“I brought a sick dog over,” Heimrich said. “For the doctor to look at. It’s because Dr. Barton’s dead I’m still here. You work here, Roger?”
“Nights this summer,” Roger said. “Sort of—oh, keep an eye on the animals. Go up and get the doctor at the house if—well, if I think one of them needs him. And feed them in the morning if the doctor’s late. And change the cats’ toilet pans. This time of year, the dogs can go out to the runs if they want to. I suppose I’m sort of a night watchman, sir. What happened to—I mean, what killed—the doctor?”
“We don’t know yet, son. Possibly just heart failure. He seem all right to you when he spoke to you about Mrs. Cummins’s cat? And when was that, Roger?”
“Six thirty, maybe. About then. Yes, he seemed just like always, I guess.”
“That was after he had finished operating on the cat? Jenny? That’s the cat’s name, I take it. Pretty little cat.”
“Mrs. Cummins is selling her, way I get it, sir. To some people who don’t want to show her. Otherwise they wouldn’t have her spayed, of course. Anyway, she was beginning to show tabby markings, so she’d be no good as a show cat. Mrs. Cummins has a cattery, you know.”
Heimrich hadn’t known; he’d begun to assume.
“Linwood, she calls it,” Roger said. “Siamese mostly, according to Dr. Barton. He treats them when they need it. They are all fancy cats, Dr. Barton told me. I don’t know much about the cat fancy, Inspector. What they call it. ‘The fancy.’”
“More than I do,” Heimrich told him. “About six thirty Dr. Barton came out and told you Mrs. Cummins’s cat was ready for her to take home. He seemed to be all right then. Had you seen him earlier today?”
Roger King had not. He had himself come on duty at six, a few minutes earlier than usual. Usually, Miss Arnold stopped by his door and told him she was going up to the house. That he was in charge. Tonight she had not.

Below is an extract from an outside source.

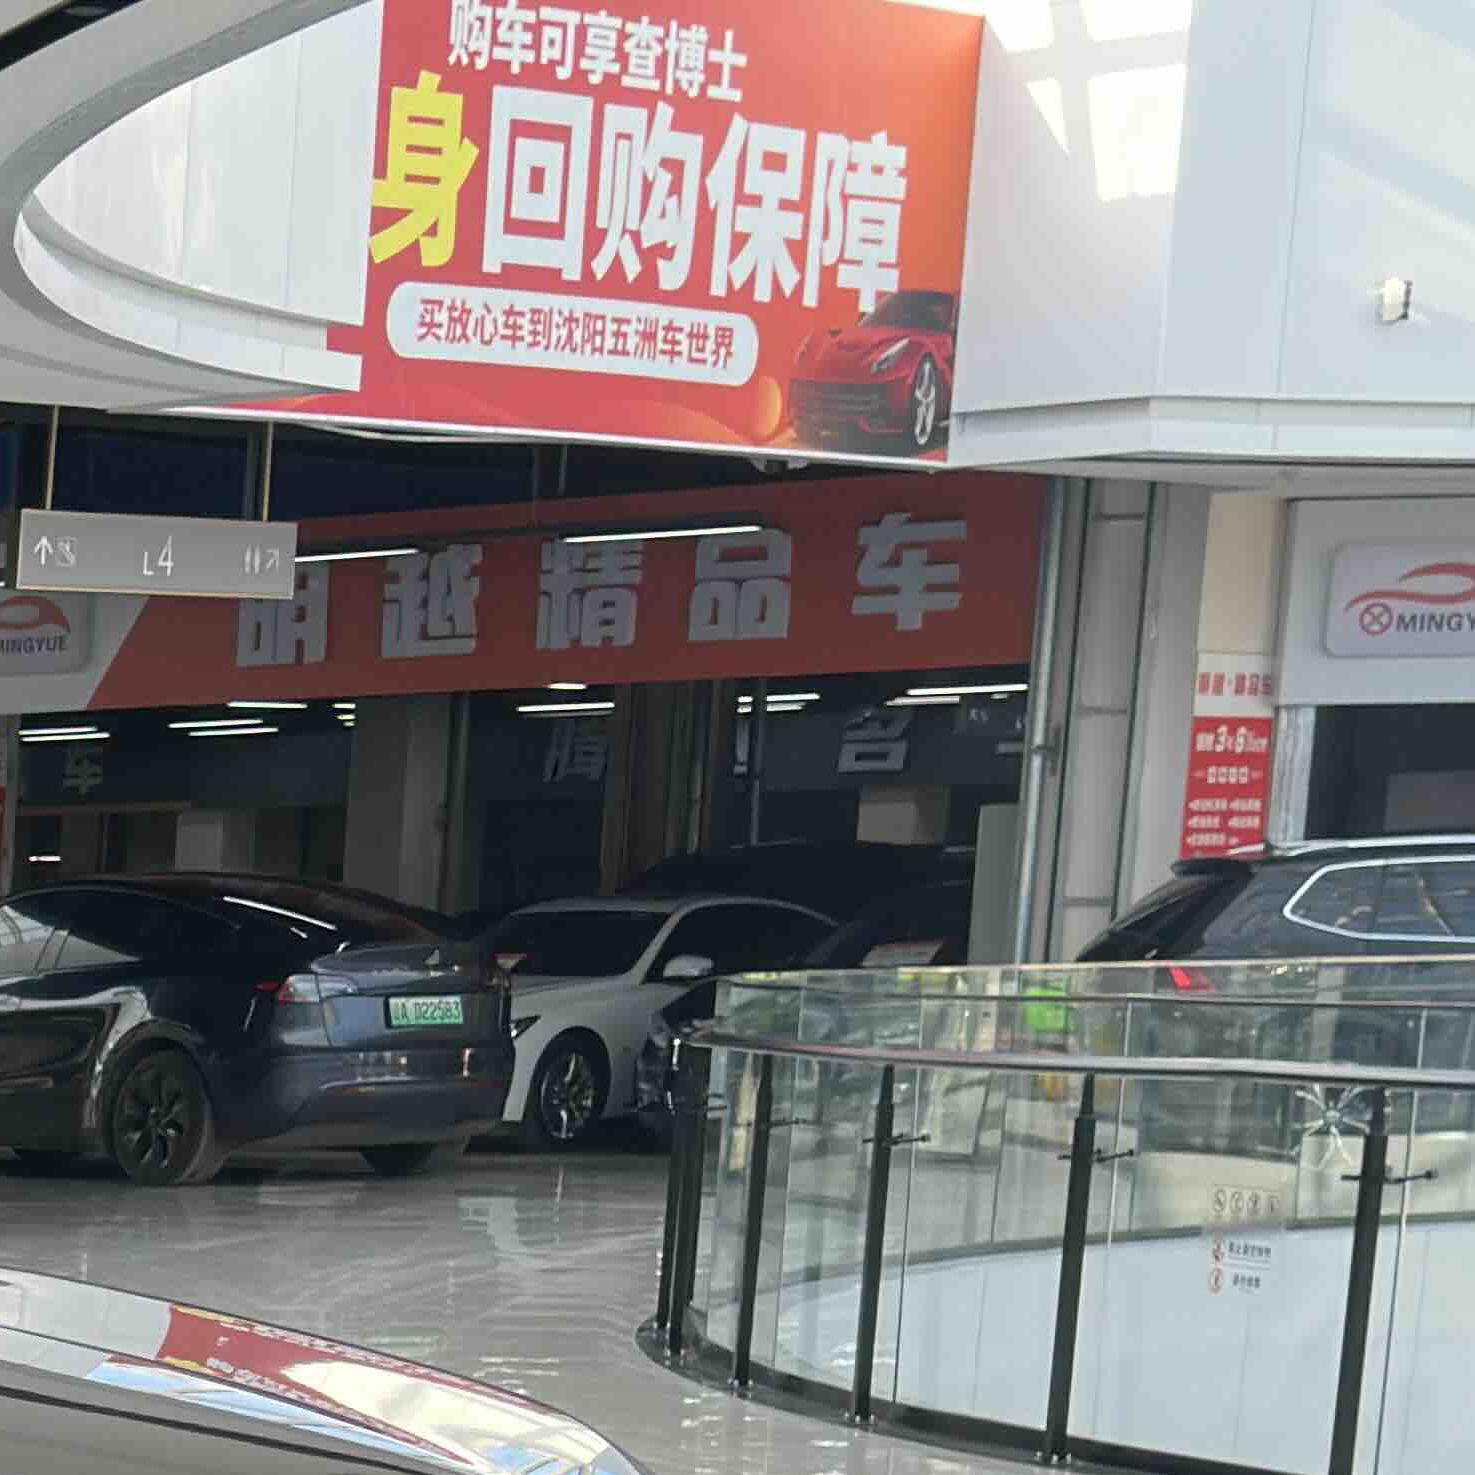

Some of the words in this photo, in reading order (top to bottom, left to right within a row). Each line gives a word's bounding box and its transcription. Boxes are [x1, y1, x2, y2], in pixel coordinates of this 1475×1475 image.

[448, 0, 748, 103] 购车可享查博士
[369, 70, 908, 313] 身回购保障
[416, 297, 736, 369] 买放心车到沈阳五洲车世界

“Waiting for the doctor to finish operating, I suppose,” Heimrich said. “So she could tell him Mrs. Heimrich and I were bringing Colonel over.”
Roger didn’t say, “Huh?” He merely looked it.
“Colonel’s the dog,” Heimrich told him. “You can go back to your reading, son.”
“Studying, really,” the boy said. “Marine biology, sir. What I’m going in for, I think.”
He carried his book into his room. Heimrich walked the length of the hallway and looked out the door. The Bartons’ white house was about a hundred yards away. A big ash tree partly shaded it. There was no activity apparent in the house and no lights were on in it. Of course, dusk was only starting. Heimrich looked at his watch. Eight thirty. Make it eight thirty-two. Go up to the house and see how Mrs. Barton, newly widowed, was coming along? Not yet. Eventually, of course, if things developed so. Probably they wouldn’t; probably Adrian Barton had been the victim of cardiac arrest and only that; probably Heimrich had been precipitate in his call to the barracks. On the other hand, the lab squad from Troop K was not being precipitate at all. Neither was the police doctor, nor the others who attend homicides. Well, probably there was no homicide to attend. Probably he ought to collect his wife, and their dog, and go home.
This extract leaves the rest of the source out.